> _What is needed_: Your task is to restate the listing word for word without the pictures.

> _Data for this task_:
::::
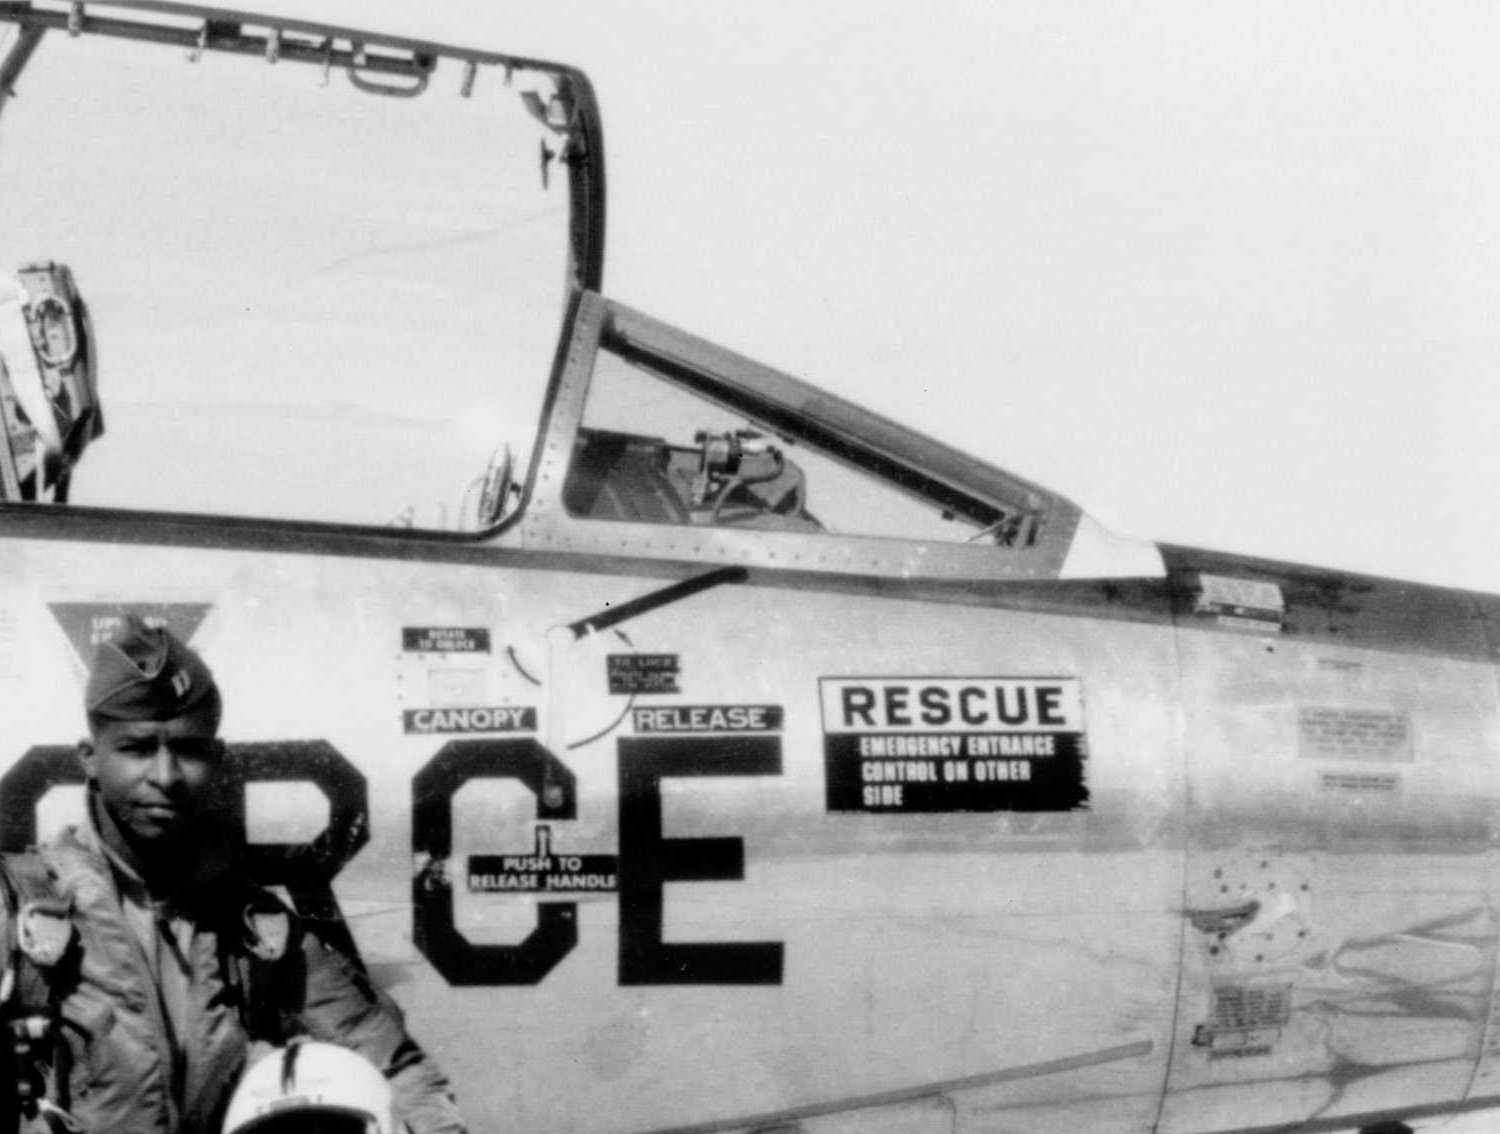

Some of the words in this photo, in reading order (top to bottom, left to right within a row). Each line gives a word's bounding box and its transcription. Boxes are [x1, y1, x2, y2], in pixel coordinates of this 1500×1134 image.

[841, 686, 1067, 727] RESCUE
[412, 708, 526, 731] CANOPY
[635, 706, 767, 731] RELEASE
[861, 735, 961, 757] EMERGENCY
[967, 735, 1055, 756] ENTRANCE
[862, 760, 938, 782] CONTROL
[943, 760, 969, 781] ON
[974, 760, 1032, 781] OTHER
[863, 785, 904, 806] SIDE
[503, 857, 551, 871] PUSH
[558, 857, 582, 871] TO
[470, 874, 538, 888] RELEASE
[546, 874, 616, 888] HANDLE
::::
> _Task output_:
Some of the words in this photo, in reading order (top to bottom, left to right within a row). Each line gives a word's bounding box and its transcription. Boxes are [x1, y1, x2, y2], in pixel coordinates of this 1500×1134 image.

[841, 686, 1067, 727] RESCUE
[412, 708, 526, 731] CANOPY
[635, 706, 767, 731] RELEASE
[861, 735, 961, 757] EMERGENCY
[967, 735, 1055, 756] ENTRANCE
[862, 760, 938, 782] CONTROL
[943, 760, 969, 781] ON
[974, 760, 1032, 781] OTHER
[863, 785, 904, 806] SIDE
[503, 857, 551, 871] PUSH
[558, 857, 582, 871] TO
[470, 874, 538, 888] RELEASE
[546, 874, 616, 888] HANDLE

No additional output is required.